**ACTIVITY:** Would you repeat the whole listing exactly?

(PROVIDED DATA begins)

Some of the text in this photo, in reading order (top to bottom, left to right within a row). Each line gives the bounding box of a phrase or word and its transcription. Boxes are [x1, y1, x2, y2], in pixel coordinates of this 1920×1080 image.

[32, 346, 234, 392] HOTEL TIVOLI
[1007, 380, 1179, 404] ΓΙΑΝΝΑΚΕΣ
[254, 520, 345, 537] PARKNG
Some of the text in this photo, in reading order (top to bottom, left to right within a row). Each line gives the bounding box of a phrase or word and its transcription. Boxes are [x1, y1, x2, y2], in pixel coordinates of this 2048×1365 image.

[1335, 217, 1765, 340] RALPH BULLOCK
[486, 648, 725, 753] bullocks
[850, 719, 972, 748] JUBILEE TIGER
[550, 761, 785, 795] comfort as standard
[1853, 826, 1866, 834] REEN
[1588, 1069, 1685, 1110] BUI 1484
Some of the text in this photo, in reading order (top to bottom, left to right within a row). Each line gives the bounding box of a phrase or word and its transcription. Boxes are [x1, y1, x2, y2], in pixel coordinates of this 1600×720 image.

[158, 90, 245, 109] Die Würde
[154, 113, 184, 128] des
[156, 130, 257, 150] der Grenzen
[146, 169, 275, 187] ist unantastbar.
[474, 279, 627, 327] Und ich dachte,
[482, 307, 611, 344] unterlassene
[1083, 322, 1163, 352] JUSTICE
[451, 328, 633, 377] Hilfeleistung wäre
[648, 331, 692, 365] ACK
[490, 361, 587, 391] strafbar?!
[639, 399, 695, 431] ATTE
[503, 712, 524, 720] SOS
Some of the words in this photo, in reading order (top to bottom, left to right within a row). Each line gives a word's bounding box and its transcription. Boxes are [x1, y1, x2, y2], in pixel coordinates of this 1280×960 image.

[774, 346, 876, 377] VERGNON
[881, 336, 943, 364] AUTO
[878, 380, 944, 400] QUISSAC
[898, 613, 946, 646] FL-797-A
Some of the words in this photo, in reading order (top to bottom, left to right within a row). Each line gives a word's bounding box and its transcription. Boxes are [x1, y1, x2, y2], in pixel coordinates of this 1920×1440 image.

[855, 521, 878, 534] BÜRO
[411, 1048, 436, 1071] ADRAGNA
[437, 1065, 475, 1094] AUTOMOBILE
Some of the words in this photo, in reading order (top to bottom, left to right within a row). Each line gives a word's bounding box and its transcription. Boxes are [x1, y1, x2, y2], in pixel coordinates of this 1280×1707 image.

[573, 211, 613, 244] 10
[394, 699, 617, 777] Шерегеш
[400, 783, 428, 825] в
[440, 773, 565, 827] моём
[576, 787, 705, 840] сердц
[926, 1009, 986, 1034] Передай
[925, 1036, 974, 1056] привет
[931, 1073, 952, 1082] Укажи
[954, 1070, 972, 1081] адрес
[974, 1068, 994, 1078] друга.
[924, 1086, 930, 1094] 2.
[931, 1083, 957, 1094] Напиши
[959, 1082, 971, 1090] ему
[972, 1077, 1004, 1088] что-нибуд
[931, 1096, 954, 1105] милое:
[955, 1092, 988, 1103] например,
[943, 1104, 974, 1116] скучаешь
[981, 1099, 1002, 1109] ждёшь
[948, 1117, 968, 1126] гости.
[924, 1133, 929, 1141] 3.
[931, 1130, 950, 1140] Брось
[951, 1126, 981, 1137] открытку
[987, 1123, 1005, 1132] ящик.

(PROVIDED DATA ends)

**EXERCISE ANSWER:**
Some of the text in this photo, in reading order (top to bottom, left to right within a row). Each line gives the bounding box of a phrase or word and its transcription. Boxes are [x1, y1, x2, y2], in pixel coordinates of this 1920×1080 image.

[32, 346, 234, 392] HOTEL TIVOLI
[1007, 380, 1179, 404] ΓΙΑΝΝΑΚΕΣ
[254, 520, 345, 537] PARKNG
Some of the text in this photo, in reading order (top to bottom, left to right within a row). Each line gives the bounding box of a phrase or word and its transcription. Boxes are [x1, y1, x2, y2], in pixel coordinates of this 2048×1365 image.

[1335, 217, 1765, 340] RALPH BULLOCK
[486, 648, 725, 753] bullocks
[850, 719, 972, 748] JUBILEE TIGER
[550, 761, 785, 795] comfort as standard
[1853, 826, 1866, 834] REEN
[1588, 1069, 1685, 1110] BUI 1484
Some of the text in this photo, in reading order (top to bottom, left to right within a row). Each line gives the bounding box of a phrase or word and its transcription. Boxes are [x1, y1, x2, y2], in pixel coordinates of this 1600×720 image.

[158, 90, 245, 109] Die Würde
[154, 113, 184, 128] des
[156, 130, 257, 150] der Grenzen
[146, 169, 275, 187] ist unantastbar.
[474, 279, 627, 327] Und ich dachte,
[482, 307, 611, 344] unterlassene
[1083, 322, 1163, 352] JUSTICE
[451, 328, 633, 377] Hilfeleistung wäre
[648, 331, 692, 365] ACK
[490, 361, 587, 391] strafbar?!
[639, 399, 695, 431] ATTE
[503, 712, 524, 720] SOS
Some of the words in this photo, in reading order (top to bottom, left to right within a row). Each line gives a word's bounding box and its transcription. Boxes are [x1, y1, x2, y2], in pixel coordinates of this 1280×960 image.

[774, 346, 876, 377] VERGNON
[881, 336, 943, 364] AUTO
[878, 380, 944, 400] QUISSAC
[898, 613, 946, 646] FL-797-A
Some of the words in this photo, in reading order (top to bottom, left to right within a row). Each line gives a word's bounding box and its transcription. Boxes are [x1, y1, x2, y2], in pixel coordinates of this 1920×1440 image.

[855, 521, 878, 534] BÜRO
[411, 1048, 436, 1071] ADRAGNA
[437, 1065, 475, 1094] AUTOMOBILE
Some of the words in this photo, in reading order (top to bottom, left to right within a row). Each line gives a word's bounding box and its transcription. Boxes are [x1, y1, x2, y2], in pixel coordinates of this 1280×1707 image.

[573, 211, 613, 244] 10
[394, 699, 617, 777] Шерегеш
[400, 783, 428, 825] в
[440, 773, 565, 827] моём
[576, 787, 705, 840] сердц
[926, 1009, 986, 1034] Передай
[925, 1036, 974, 1056] привет
[931, 1073, 952, 1082] Укажи
[954, 1070, 972, 1081] адрес
[974, 1068, 994, 1078] друга.
[924, 1086, 930, 1094] 2.
[931, 1083, 957, 1094] Напиши
[959, 1082, 971, 1090] ему
[972, 1077, 1004, 1088] что-нибуд
[931, 1096, 954, 1105] милое:
[955, 1092, 988, 1103] например,
[943, 1104, 974, 1116] скучаешь
[981, 1099, 1002, 1109] ждёшь
[948, 1117, 968, 1126] гости.
[924, 1133, 929, 1141] 3.
[931, 1130, 950, 1140] Брось
[951, 1126, 981, 1137] открытку
[987, 1123, 1005, 1132] ящик.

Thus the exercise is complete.